TASK PROMPT:
After removing every image, reproduce the data exactly as it appears.

RECORDED DATA:
┌────────

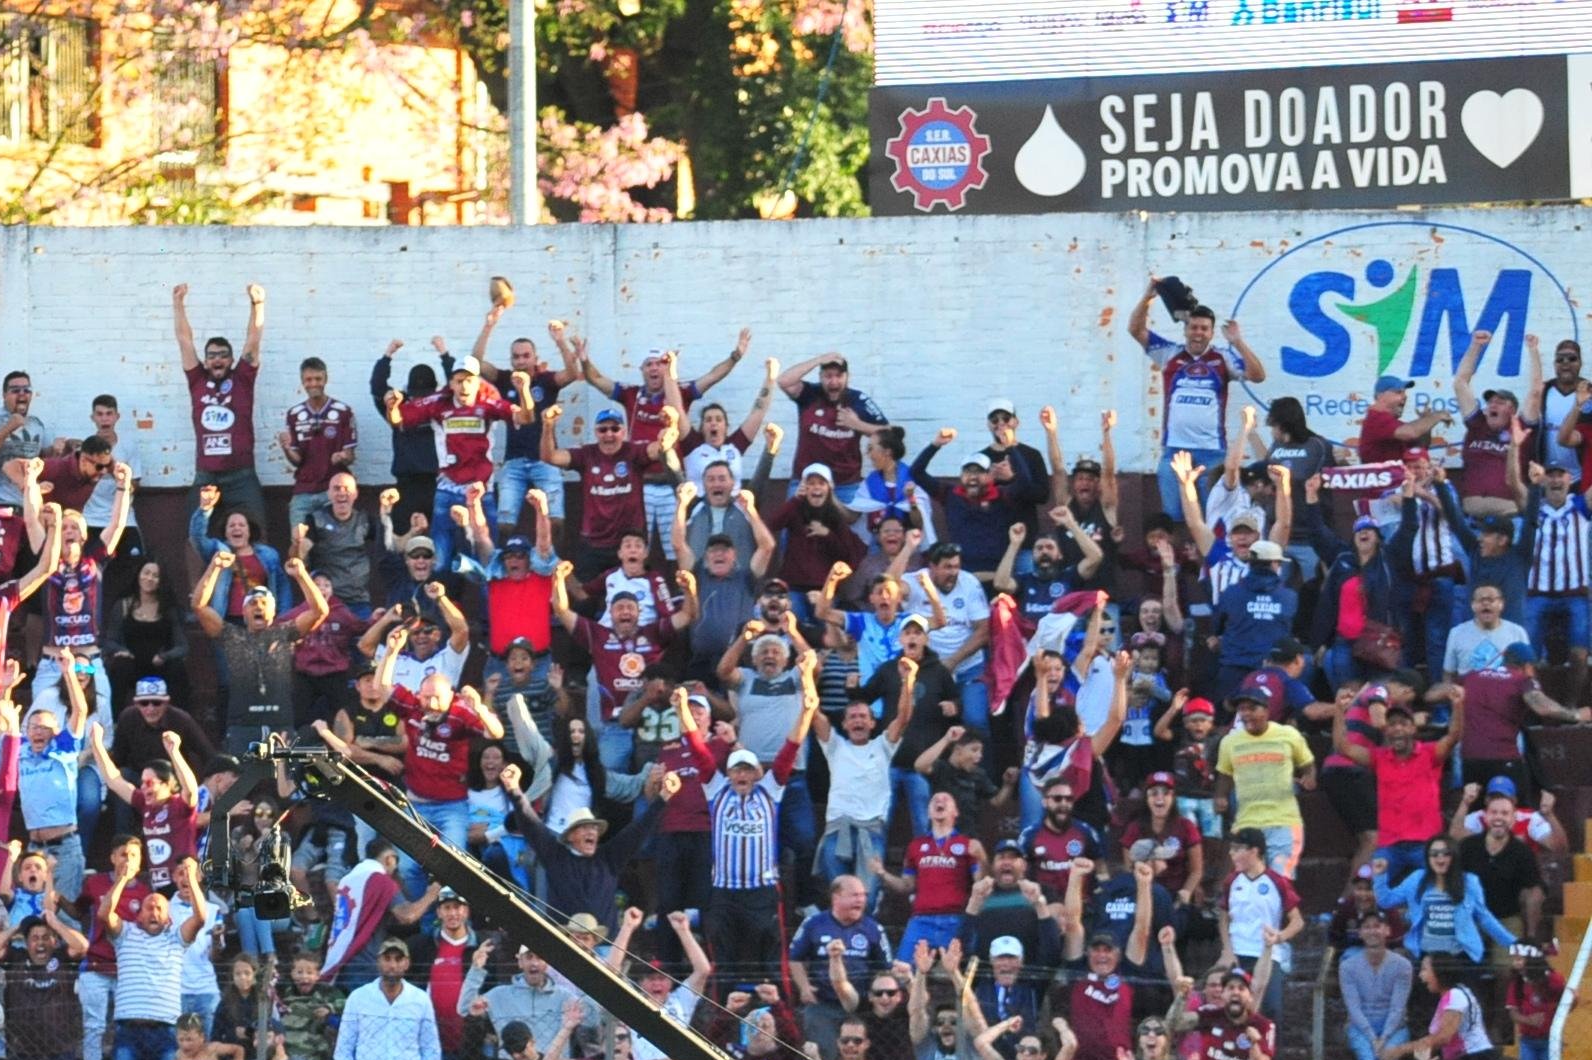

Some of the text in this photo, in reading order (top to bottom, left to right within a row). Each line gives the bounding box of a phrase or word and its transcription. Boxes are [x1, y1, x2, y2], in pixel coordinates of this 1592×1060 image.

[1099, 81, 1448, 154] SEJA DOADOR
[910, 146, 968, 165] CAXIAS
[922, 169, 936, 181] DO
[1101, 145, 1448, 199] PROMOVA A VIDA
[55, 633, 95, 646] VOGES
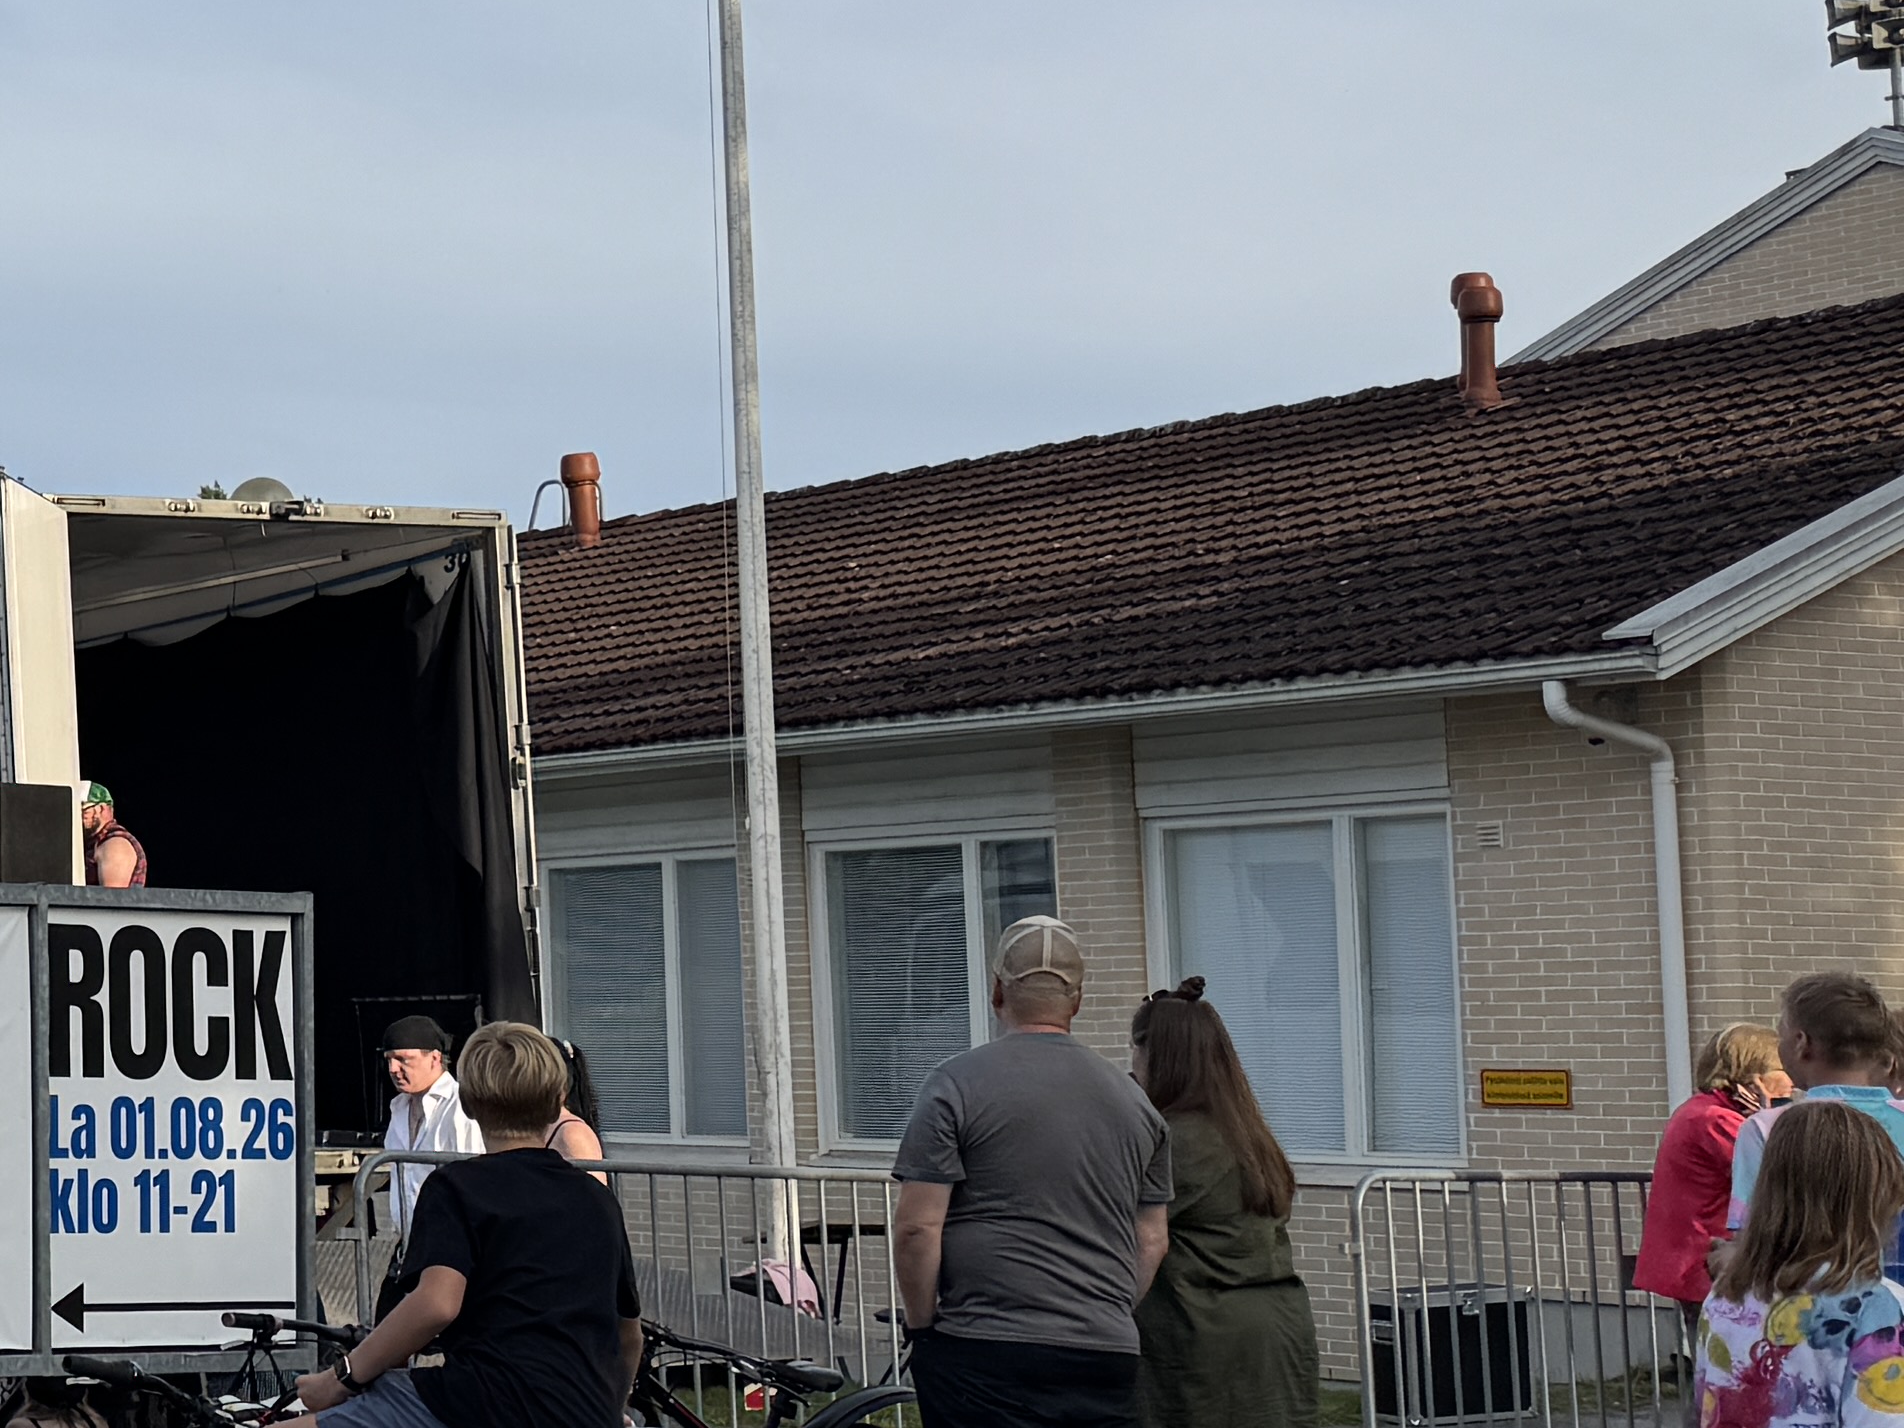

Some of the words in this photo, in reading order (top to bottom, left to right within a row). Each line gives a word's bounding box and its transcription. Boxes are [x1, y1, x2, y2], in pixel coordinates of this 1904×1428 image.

└────────

RESPONSE TO THE EXERCISE:
Some of the text in this photo, in reading order (top to bottom, left to right within a row). Each line gives the bounding box of a phrase or word and its transcription. Boxes are [x1, y1, x2, y2], in pixel coordinates of this 1592×1060 image.

[1099, 81, 1448, 154] SEJA DOADOR
[910, 146, 968, 165] CAXIAS
[922, 169, 936, 181] DO
[1101, 145, 1448, 199] PROMOVA A VIDA
[55, 633, 95, 646] VOGES

Some of the words in this photo, in reading order (top to bottom, left to right within a row). Each line gives a word's bounding box and its transcription. Boxes are [x1, y1, x2, y2], in pixel coordinates of this 1904×1428 image.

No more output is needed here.